Small-scale farmers and agricultural labourers can easily construct such a wooden stall-fed system. The construction materials are locally available and the stalls can be easily constructed with the help of local carpenters and/or skilled labourers. Construction of such a wooden stall can be completed quickly and at a lower cost compared with the construction of usual pucca shed (solid, permanent houses or huts that are made of concrete, clay tiles and/or stones).
This practice describes the construction of a low cost housing system for rearing goats in case of shortage of labor and/or non-availability of sufficient grazing area or absence of grazing area. The practice derives from a farmer-led innovation in the Indian state of Tamil Nadu. There, it has been successfully adopted by 16 farmers in the Coimbatore district.

Traditional feeding of cattle with intercropped forage Sorghum, Tamil Nadu, India

Fodder sorghum (Sorghum bicolor (L.) Moench) is used for feeding animals in the dry lands of India. The forage crop is sown in an intercropping system along with staple crops. The intercropping of the forage sorghum between other crops additionally improves the land use efficiency, providing diversified yields within a specified area of cropping. Eventually, the harvested forage is cut from the intercropped fields and manually fed to the cattle by the farm members.
The present practice builds on the experiences of local people in the Krishnagiri district, Tamil Nadu.

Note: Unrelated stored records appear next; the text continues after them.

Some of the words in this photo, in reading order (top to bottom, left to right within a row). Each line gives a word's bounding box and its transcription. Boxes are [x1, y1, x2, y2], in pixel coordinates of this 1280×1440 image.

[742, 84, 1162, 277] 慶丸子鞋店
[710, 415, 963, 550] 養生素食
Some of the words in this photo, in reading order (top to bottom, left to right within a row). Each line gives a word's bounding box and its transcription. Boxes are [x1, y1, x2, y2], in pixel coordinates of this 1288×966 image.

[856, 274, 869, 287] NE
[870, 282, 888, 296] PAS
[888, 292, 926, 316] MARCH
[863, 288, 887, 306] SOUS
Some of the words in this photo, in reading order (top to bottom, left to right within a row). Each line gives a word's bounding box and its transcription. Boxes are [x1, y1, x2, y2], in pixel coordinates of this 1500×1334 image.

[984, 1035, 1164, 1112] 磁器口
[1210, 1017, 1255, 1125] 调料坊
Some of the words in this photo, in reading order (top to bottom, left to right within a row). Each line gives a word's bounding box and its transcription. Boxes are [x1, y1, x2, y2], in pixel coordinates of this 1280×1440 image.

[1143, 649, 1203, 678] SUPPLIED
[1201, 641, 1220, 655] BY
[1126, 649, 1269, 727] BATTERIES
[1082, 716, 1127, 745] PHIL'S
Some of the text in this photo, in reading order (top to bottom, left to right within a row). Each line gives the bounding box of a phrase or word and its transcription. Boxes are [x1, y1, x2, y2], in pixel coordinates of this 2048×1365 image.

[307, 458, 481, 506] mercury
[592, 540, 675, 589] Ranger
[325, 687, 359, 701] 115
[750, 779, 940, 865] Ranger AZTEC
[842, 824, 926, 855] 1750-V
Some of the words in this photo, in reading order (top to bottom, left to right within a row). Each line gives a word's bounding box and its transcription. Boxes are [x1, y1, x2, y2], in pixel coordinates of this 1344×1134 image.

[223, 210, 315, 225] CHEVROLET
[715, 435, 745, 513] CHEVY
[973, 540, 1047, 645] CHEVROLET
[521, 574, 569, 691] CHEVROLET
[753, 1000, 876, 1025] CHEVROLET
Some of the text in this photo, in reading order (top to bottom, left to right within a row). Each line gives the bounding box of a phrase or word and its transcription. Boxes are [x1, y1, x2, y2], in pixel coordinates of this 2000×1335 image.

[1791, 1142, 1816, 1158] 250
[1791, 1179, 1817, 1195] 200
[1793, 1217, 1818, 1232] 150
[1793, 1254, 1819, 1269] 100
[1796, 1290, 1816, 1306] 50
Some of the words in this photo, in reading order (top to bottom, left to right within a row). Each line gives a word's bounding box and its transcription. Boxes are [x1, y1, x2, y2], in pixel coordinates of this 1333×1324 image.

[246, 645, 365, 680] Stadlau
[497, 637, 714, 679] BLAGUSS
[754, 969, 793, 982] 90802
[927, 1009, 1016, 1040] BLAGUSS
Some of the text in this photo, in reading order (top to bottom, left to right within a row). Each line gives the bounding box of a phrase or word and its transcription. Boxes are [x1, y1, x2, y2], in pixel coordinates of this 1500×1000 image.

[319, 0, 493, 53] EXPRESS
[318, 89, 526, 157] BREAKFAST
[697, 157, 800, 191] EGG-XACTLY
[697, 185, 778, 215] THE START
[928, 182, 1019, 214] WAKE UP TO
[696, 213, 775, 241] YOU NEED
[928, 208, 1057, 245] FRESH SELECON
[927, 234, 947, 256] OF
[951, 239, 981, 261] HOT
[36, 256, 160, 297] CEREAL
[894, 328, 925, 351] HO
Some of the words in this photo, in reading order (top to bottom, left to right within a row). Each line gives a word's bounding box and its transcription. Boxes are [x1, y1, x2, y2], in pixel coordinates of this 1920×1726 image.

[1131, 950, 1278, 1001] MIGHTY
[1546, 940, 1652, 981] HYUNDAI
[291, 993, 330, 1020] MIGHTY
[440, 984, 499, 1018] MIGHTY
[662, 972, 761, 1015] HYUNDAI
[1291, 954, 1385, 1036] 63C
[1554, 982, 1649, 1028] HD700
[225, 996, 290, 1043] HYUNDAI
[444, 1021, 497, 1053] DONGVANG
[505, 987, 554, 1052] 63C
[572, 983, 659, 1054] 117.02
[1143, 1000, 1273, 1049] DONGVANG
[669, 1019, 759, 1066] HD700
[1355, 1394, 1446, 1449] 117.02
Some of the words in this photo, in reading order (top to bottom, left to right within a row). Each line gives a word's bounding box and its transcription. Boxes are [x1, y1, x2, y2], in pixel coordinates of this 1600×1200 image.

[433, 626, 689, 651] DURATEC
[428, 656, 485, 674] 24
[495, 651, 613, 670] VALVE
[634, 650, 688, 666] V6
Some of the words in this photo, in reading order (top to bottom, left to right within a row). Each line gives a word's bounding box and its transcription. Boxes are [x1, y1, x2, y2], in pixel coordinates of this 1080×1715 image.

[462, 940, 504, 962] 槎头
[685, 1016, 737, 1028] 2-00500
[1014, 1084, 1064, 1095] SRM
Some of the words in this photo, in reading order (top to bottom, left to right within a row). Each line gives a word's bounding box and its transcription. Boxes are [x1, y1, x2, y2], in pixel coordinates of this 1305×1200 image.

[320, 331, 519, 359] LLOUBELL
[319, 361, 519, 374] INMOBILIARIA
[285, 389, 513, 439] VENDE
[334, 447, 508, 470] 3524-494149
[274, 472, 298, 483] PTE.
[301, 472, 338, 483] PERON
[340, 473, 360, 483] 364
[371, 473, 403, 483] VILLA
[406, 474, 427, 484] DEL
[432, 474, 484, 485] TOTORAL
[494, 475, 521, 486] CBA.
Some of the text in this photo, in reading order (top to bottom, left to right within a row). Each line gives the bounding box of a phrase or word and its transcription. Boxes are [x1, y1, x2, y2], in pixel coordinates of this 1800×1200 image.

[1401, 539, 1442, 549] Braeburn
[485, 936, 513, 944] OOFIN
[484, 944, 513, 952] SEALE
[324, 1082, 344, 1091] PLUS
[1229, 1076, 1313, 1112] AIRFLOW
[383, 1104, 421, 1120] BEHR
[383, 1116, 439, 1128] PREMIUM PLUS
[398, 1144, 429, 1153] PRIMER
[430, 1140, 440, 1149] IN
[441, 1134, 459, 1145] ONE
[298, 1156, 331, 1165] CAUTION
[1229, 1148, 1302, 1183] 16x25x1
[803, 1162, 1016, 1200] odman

It is suitable mainly for small family farms, with small amounts of cattle. In the local language, the associated feeding practice is called “Thattu Koduthal” (hand feeding of fodder for animals). Hand feeding offers the advantage that wastages of forage can be avoided. Cattle prefer the panicles, and often the stems of forage sorghum are not fed along with the panicles. Manual feeding however, allows for the whole sorghum stems to be fed to the cattle.